Predicting Hospital Demand with Social Media
John Heap, one of our software development engineers, is working on an innovative project headed up by Prof. Simon Maskell: Symptom Watch.
Working alongside PhD students Matthew Carter and Conor Rosato, John is using his extensive experience of Twitter data analysis to help determine whether it is possible to predict hospital demand by analysing the number of tweets that mention COVID symptoms. Using a mixture of streaming, database, filtering, and machine learning technologies each individual tweet will be examined for location and useful content. The project will provide a daily report of aggregated counts, (at both a national and a local level), along with notifications of significant changes in relevant tweet frequencies.
Unlocking the power of the impactful Allele Frequency Net database to aid on a COVID-19 vacinne development
Part of the COVID-19 HLA & Immunogenetics Consortium to unite the global community of HLA and immunogenetics experts and leaders in support of these efforts, Dr Antony McCabe is working with the popular AFND database to merge and make available all the information available regarding HLA variation world-wide to accelerate drug discovery and vacinne candidates for COVID-19.
Our team has developed a download tool so that researchers working on COVID19 can access all of the HLA frequency data that is contained within the Allele Frequencies Net Database (allelefrequencies.net/download) in a simple downloadable file. This data includes HLA frequencies from over 1,200 population studies across more than 100 countries. The data can be filtered by country, region, and reported ethnicitiy, which may be useful in correlating HLA alleles with different COVID outcomes across these factors.
No pre-existing condition and in intensive care. What makes you more susceptible to COVID-19?

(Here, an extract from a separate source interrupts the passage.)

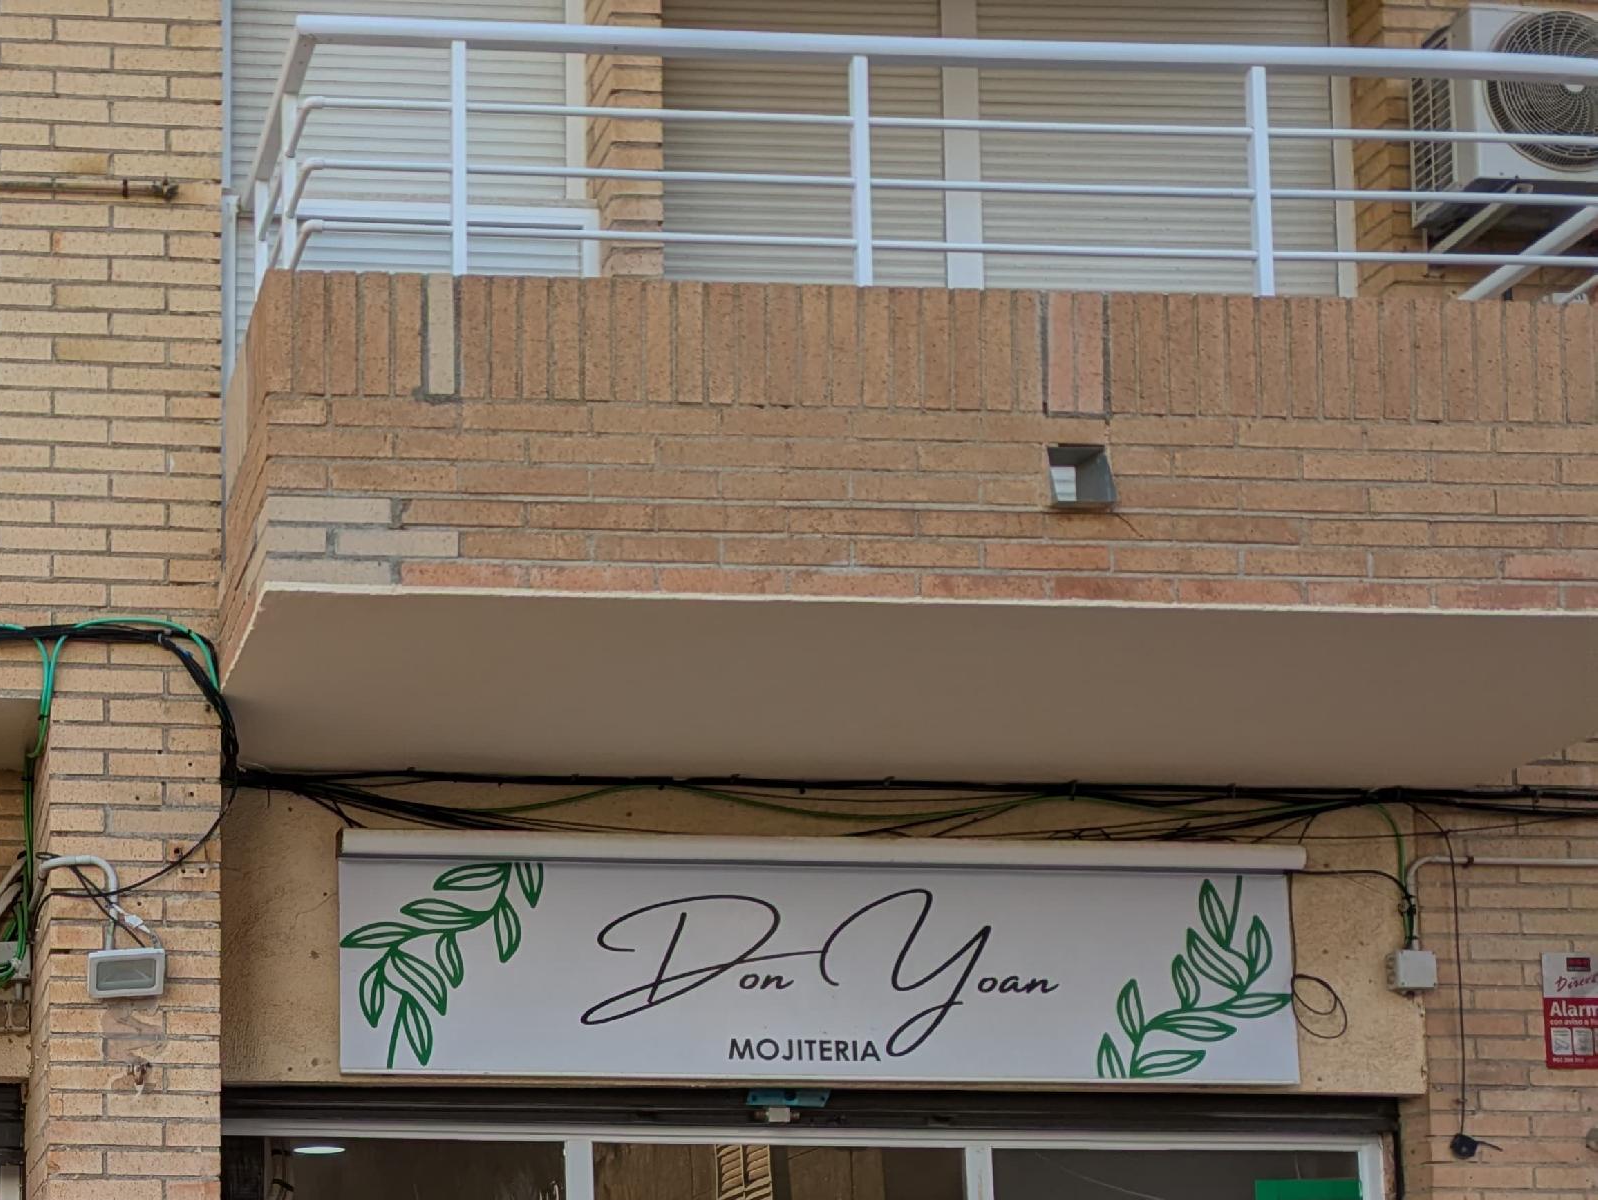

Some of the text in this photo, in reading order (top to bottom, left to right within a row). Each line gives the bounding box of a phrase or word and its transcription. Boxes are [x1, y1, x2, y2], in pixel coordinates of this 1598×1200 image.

[580, 888, 1060, 1056] Don Yoan
[727, 1037, 882, 1062] MOJITERIA

The whole team is currently joining different initiatives and consortia to exploit -omics data to improve predictions on severity and outcome of patients at the point of diagnosis. Providing expertise in -omics analyses and integration we are working to bridge the gap in our understanding of the disease severity and progression. We are currently supporting researchers using single cell transcriptomics data and proteomics data to understand disease severity and immune response.
If you are interested in working with us, do not hesitate to contact us.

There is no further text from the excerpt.